* _Data_:
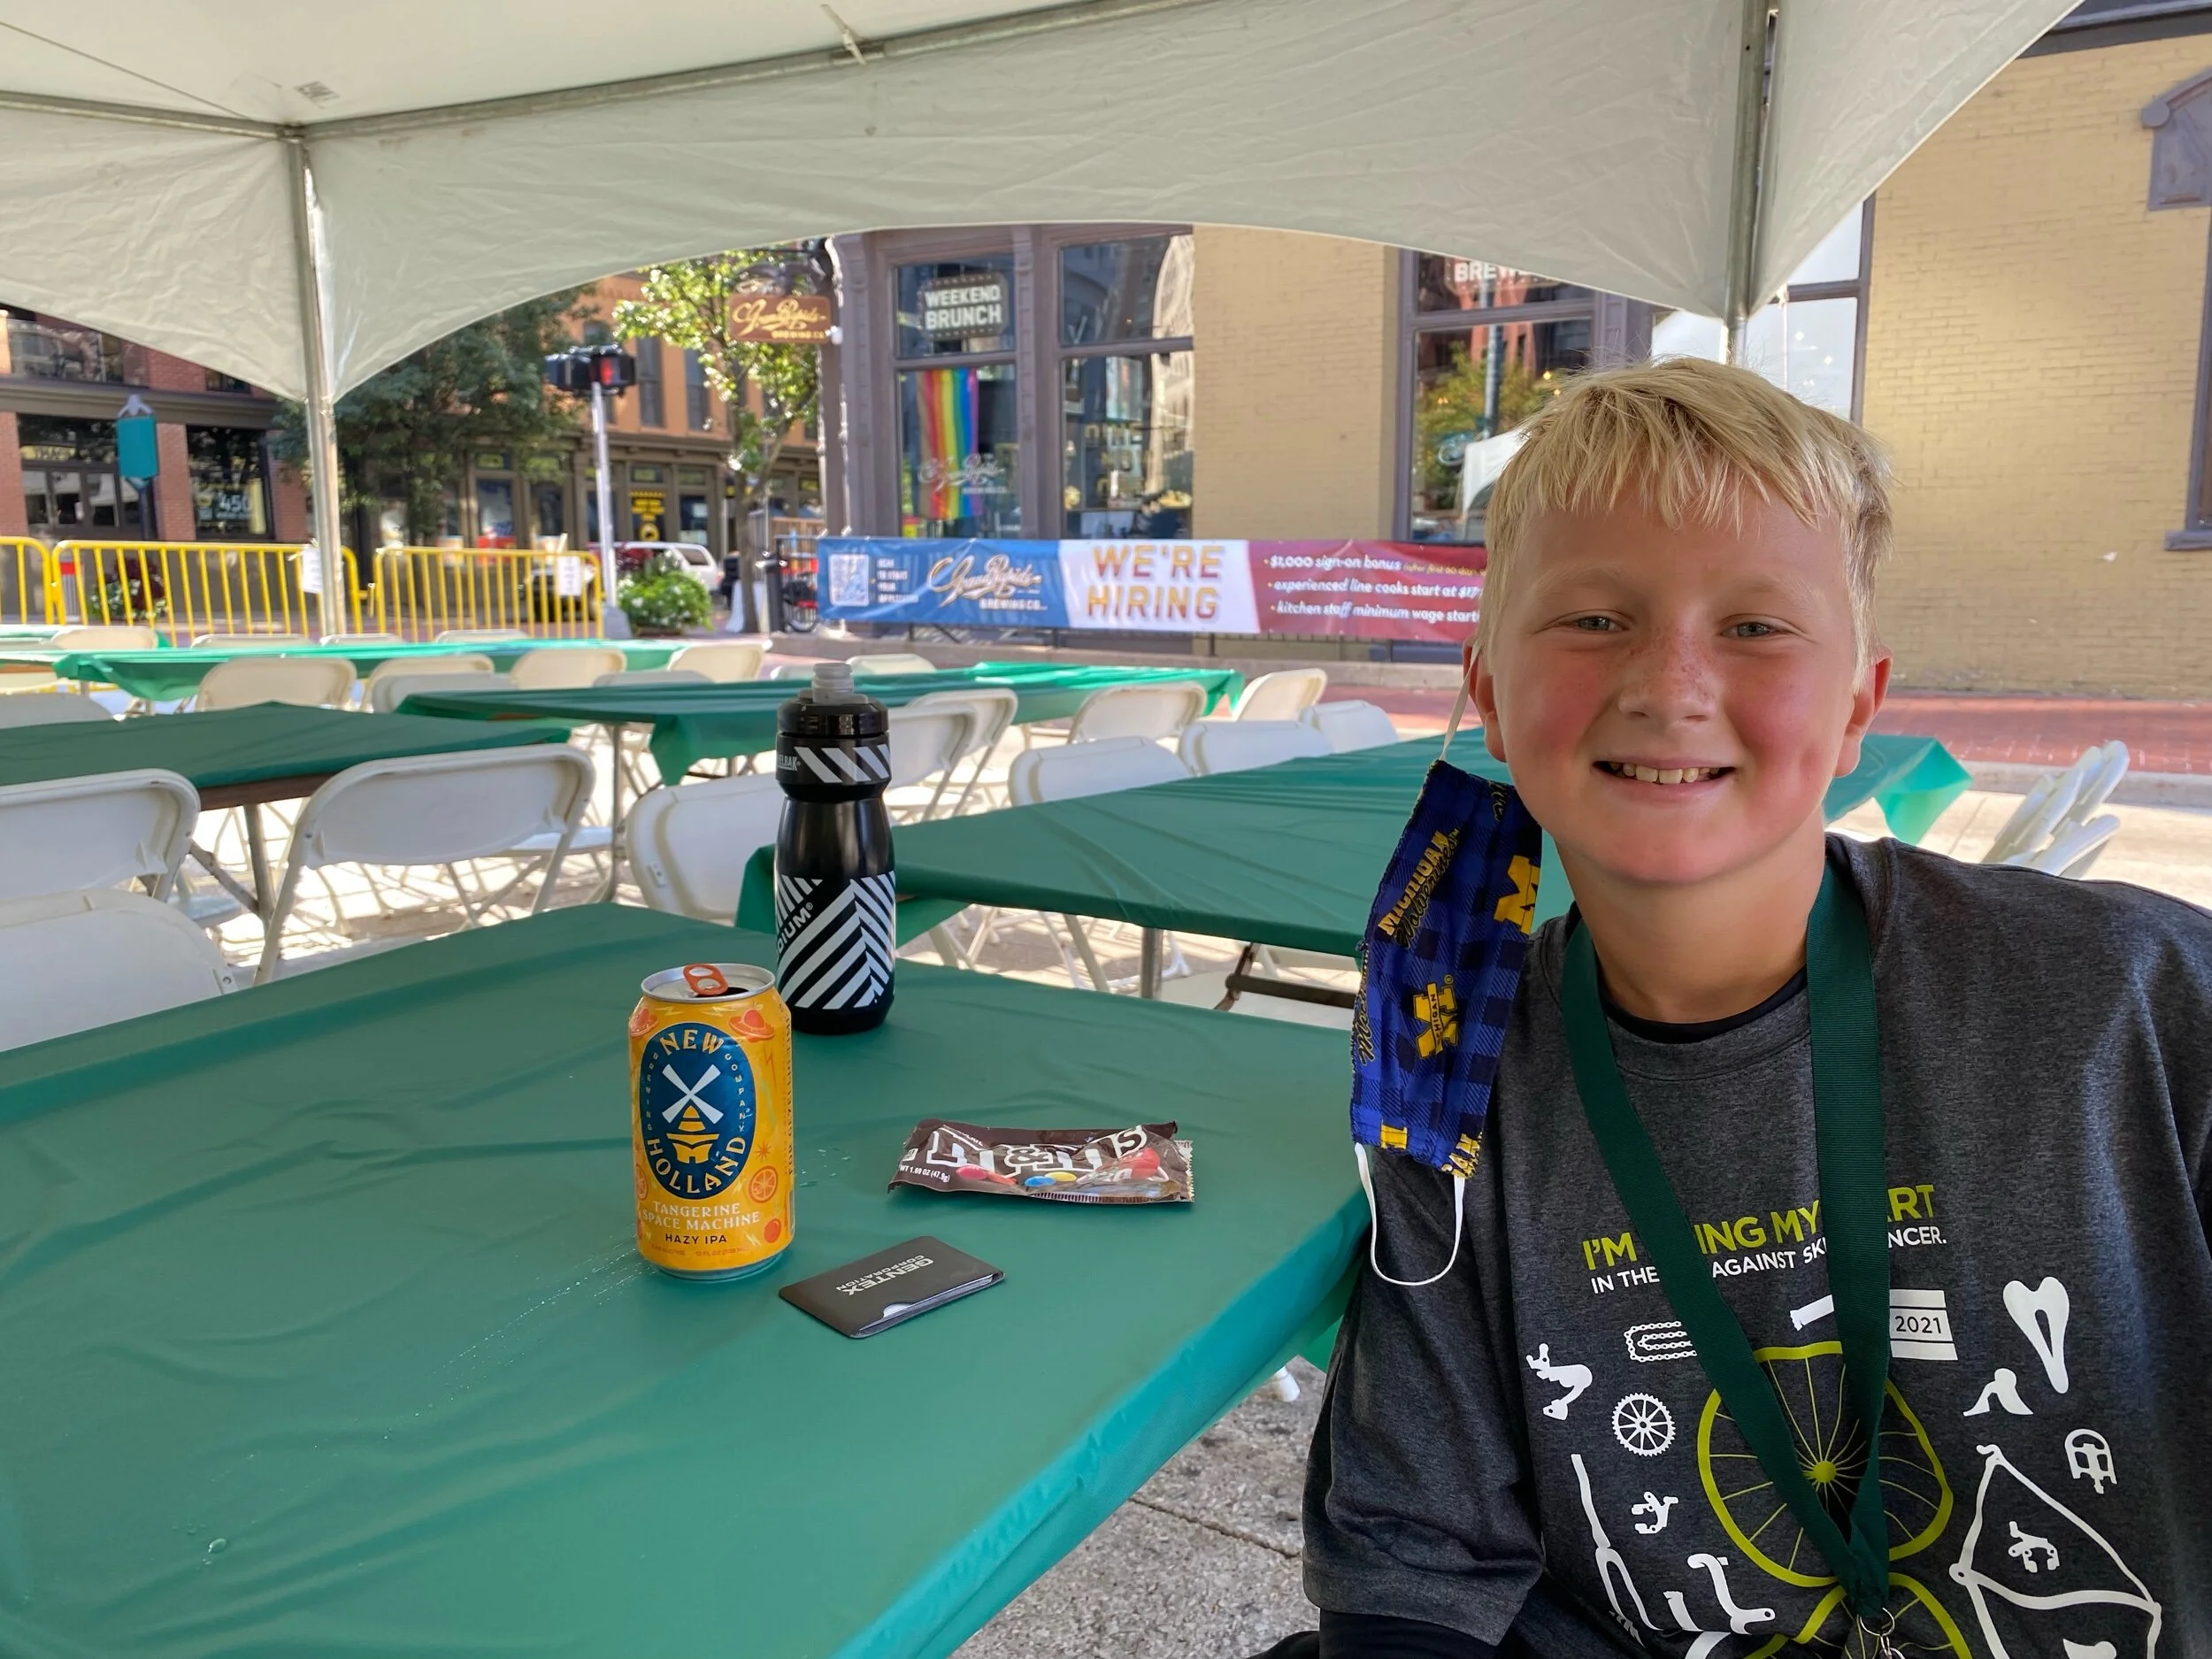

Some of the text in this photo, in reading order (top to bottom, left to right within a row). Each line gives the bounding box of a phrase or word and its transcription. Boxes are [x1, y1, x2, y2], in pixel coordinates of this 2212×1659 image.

[925, 285, 1001, 308] WEEKEND
[926, 304, 1002, 330] BRUNCH
[1093, 545, 1224, 579] WE'RE
[1363, 554, 1402, 571] bonus
[1087, 585, 1218, 619] HIRING
[1274, 578, 1348, 594] experienced
[1349, 578, 1373, 594] line
[1375, 580, 1409, 595] cooks
[1411, 584, 1440, 596] start
[1441, 586, 1456, 597] at
[1277, 600, 1322, 615] kitchen
[1323, 602, 1353, 618] staff
[1353, 603, 1409, 618] minimum
[1412, 610, 1445, 624] wage
[1378, 830, 1449, 936] MICHIGAN
[777, 907, 811, 954] DIUM
[659, 1029, 724, 1056] NEW
[645, 1052, 659, 1131] BREWING
[724, 1053, 747, 1133] COMPANY
[647, 1136, 746, 1194] HOLLAND
[910, 1165, 922, 1174] 1.69
[642, 1209, 760, 1231] SPACE MACHINE
[653, 1201, 741, 1218] TANGERINE
[665, 1233, 727, 1245] HAZY IPA
[1583, 1184, 1934, 1271] I'M ING MY RT
[835, 1255, 925, 1291] CORPORATION
[1591, 1225, 1947, 1294] IN THE AGAINST SKI NCER.
[841, 1257, 934, 1296] GENTEX
[1894, 1315, 1942, 1334] 2021
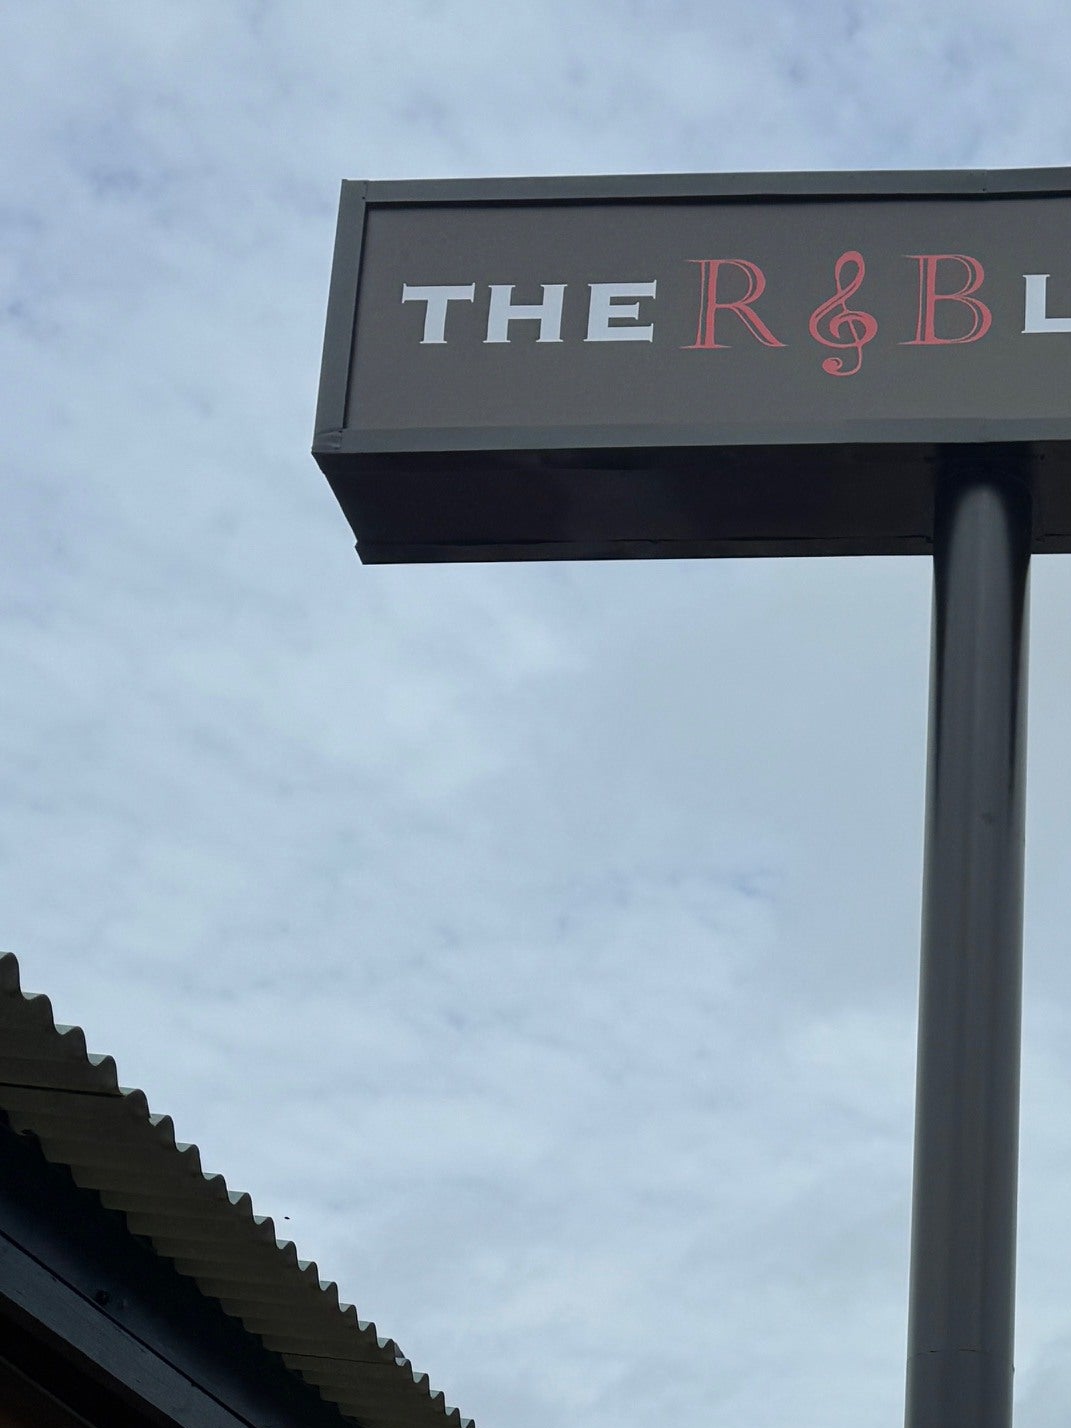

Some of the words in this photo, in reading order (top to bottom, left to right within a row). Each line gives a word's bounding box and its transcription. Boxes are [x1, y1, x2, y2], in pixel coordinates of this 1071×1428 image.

* _Task instructions_:
The listing is to be reproduced in full and exactly, except that its pictures are to be dropped.

* _Exercise answer_:
Some of the text in this photo, in reading order (top to bottom, left to right within a row). Each line gives the bounding box of a phrase or word and its transcription. Boxes are [x1, y1, x2, y2], in pixel coordinates of this 2212×1659 image.

[925, 285, 1001, 308] WEEKEND
[926, 304, 1002, 330] BRUNCH
[1093, 545, 1224, 579] WE'RE
[1363, 554, 1402, 571] bonus
[1087, 585, 1218, 619] HIRING
[1274, 578, 1348, 594] experienced
[1349, 578, 1373, 594] line
[1375, 580, 1409, 595] cooks
[1411, 584, 1440, 596] start
[1441, 586, 1456, 597] at
[1277, 600, 1322, 615] kitchen
[1323, 602, 1353, 618] staff
[1353, 603, 1409, 618] minimum
[1412, 610, 1445, 624] wage
[1378, 830, 1449, 936] MICHIGAN
[777, 907, 811, 954] DIUM
[659, 1029, 724, 1056] NEW
[645, 1052, 659, 1131] BREWING
[724, 1053, 747, 1133] COMPANY
[647, 1136, 746, 1194] HOLLAND
[910, 1165, 922, 1174] 1.69
[642, 1209, 760, 1231] SPACE MACHINE
[653, 1201, 741, 1218] TANGERINE
[665, 1233, 727, 1245] HAZY IPA
[1583, 1184, 1934, 1271] I'M ING MY RT
[835, 1255, 925, 1291] CORPORATION
[1591, 1225, 1947, 1294] IN THE AGAINST SKI NCER.
[841, 1257, 934, 1296] GENTEX
[1894, 1315, 1942, 1334] 2021

Some of the words in this photo, in reading order (top to bottom, left to right within a row). Each line gives a word's bounding box and its transcription. Boxes are [x1, y1, x2, y2], in pixel coordinates of this 1071×1428 image.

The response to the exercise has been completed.